Referring expression grounding data:
——————

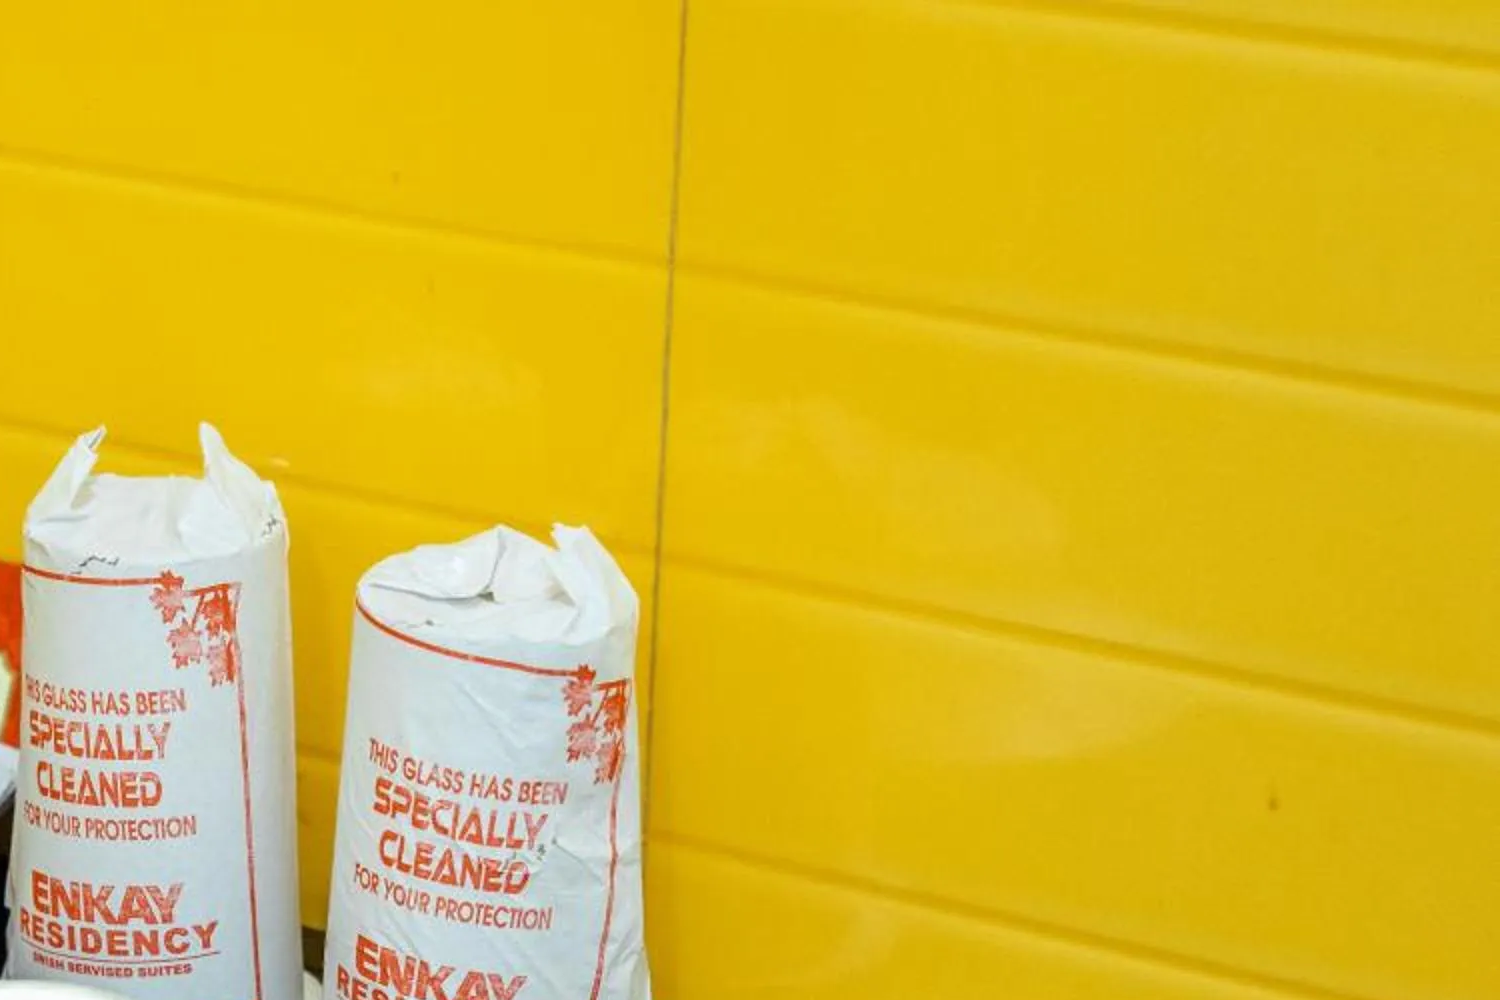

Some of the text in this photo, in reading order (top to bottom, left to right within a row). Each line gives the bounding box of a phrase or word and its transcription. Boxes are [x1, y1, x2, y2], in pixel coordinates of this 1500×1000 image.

[43, 682, 86, 713] GLASS
[91, 690, 130, 716] HAS
[135, 687, 187, 715] BEEN
[29, 709, 171, 760] SPECIALLY
[36, 760, 163, 808] CLEANED
[369, 737, 568, 805] THIS GLASS HAS BEEN
[43, 808, 81, 838] YOUR
[85, 815, 197, 841] PROTECTION
[373, 776, 548, 850] SPECIALLY
[379, 829, 530, 895] CLEANED
[32, 868, 184, 925] ENKAY
[353, 862, 553, 930] FOR YOUR PROTECTION
[19, 906, 219, 957] RESIDENCY
[138, 963, 193, 978] SUITES

——————

Task brief: Repeat all of the entries above word for word and omit the pictures.

Task solution:
Some of the text in this photo, in reading order (top to bottom, left to right within a row). Each line gives the bounding box of a phrase or word and its transcription. Boxes are [x1, y1, x2, y2], in pixel coordinates of this 1500×1000 image.

[43, 682, 86, 713] GLASS
[91, 690, 130, 716] HAS
[135, 687, 187, 715] BEEN
[29, 709, 171, 760] SPECIALLY
[36, 760, 163, 808] CLEANED
[369, 737, 568, 805] THIS GLASS HAS BEEN
[43, 808, 81, 838] YOUR
[85, 815, 197, 841] PROTECTION
[373, 776, 548, 850] SPECIALLY
[379, 829, 530, 895] CLEANED
[32, 868, 184, 925] ENKAY
[353, 862, 553, 930] FOR YOUR PROTECTION
[19, 906, 219, 957] RESIDENCY
[138, 963, 193, 978] SUITES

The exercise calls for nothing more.